Mit dieser Technik hätte der Nematoden-Symbiont jedoch ein fatales Problem: Das stäbchenförmige Bakterium ist nämlich an einem Pol mit dem Nematoden verankert, der andere Teil flottiert frei in der Umgebung. Möchte sich der Einzeller nun duplizieren, wäre die altbekannte Teilungsmethode mit der Zell-Einschnürung in der Mitte unvorteilhaft. Denn der vordere Pol würde wie gewohnt am Nematoden haften bleiben, während der abgeschnürte hintere Teil einfach abfallen und auf den sandigen Meeresboden herabsinken würde.
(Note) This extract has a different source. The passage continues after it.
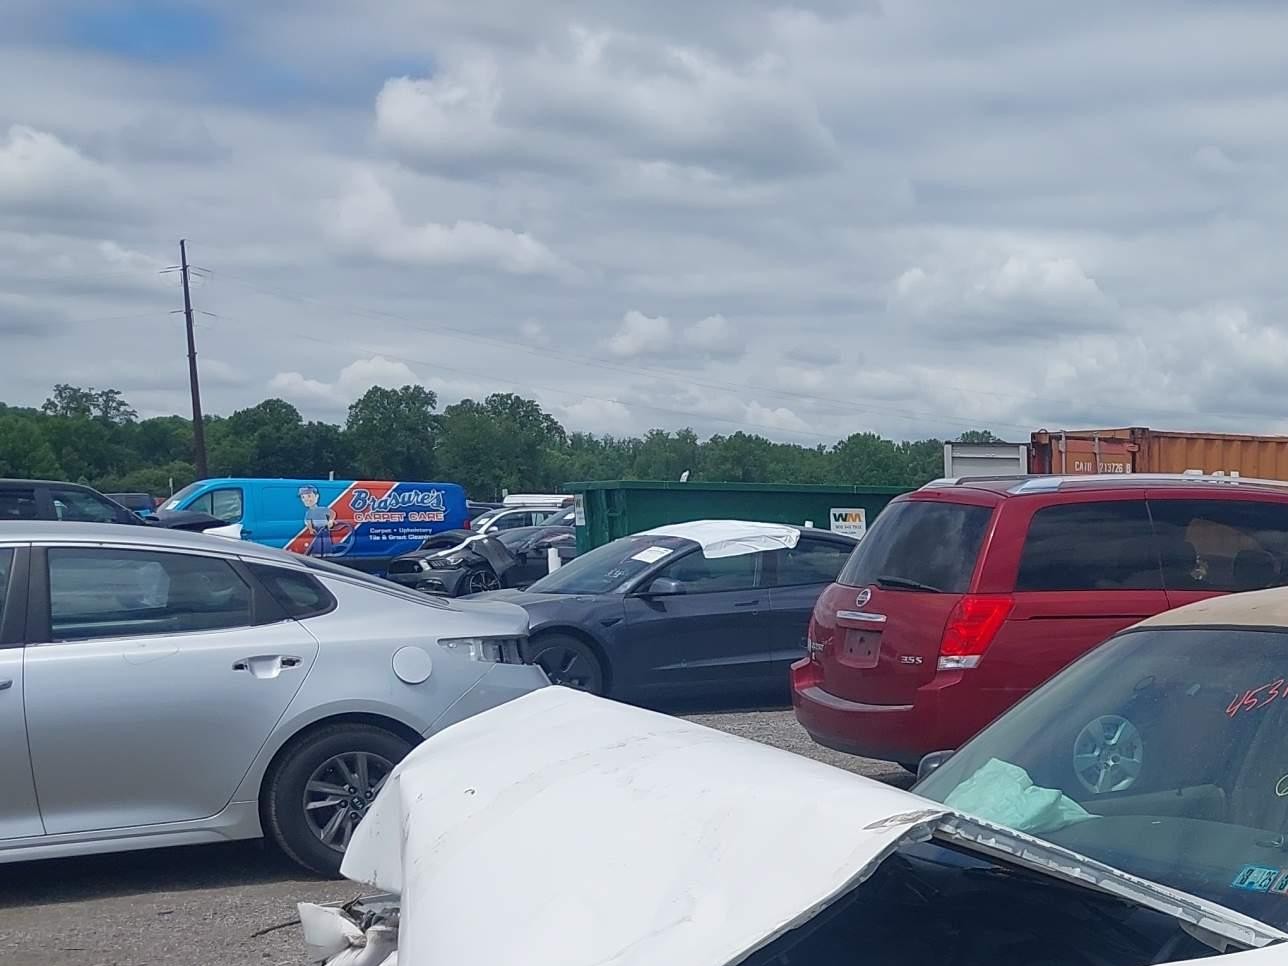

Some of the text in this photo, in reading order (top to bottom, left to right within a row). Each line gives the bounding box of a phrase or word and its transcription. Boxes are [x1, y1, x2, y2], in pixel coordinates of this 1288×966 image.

[349, 489, 446, 512] Brasure's
[354, 512, 444, 522] CARPET CARE
[832, 513, 862, 522] WM
Aber Mutter Evolution hat sich etwas einfallen lassen – frei nach dem Motto: „Lasst es uns doch einfach mal anders machen!“ Der Symbiont teilt sich nämlich der Länge nach. Was für stäbchenförmige Bakterien generell sehr ungewöhnlich ist, ist für den Wurm-Symbiont die einzige Möglichkeit, dass nach der Teilung beide Tochterzellen am Nematoden hängen bleiben.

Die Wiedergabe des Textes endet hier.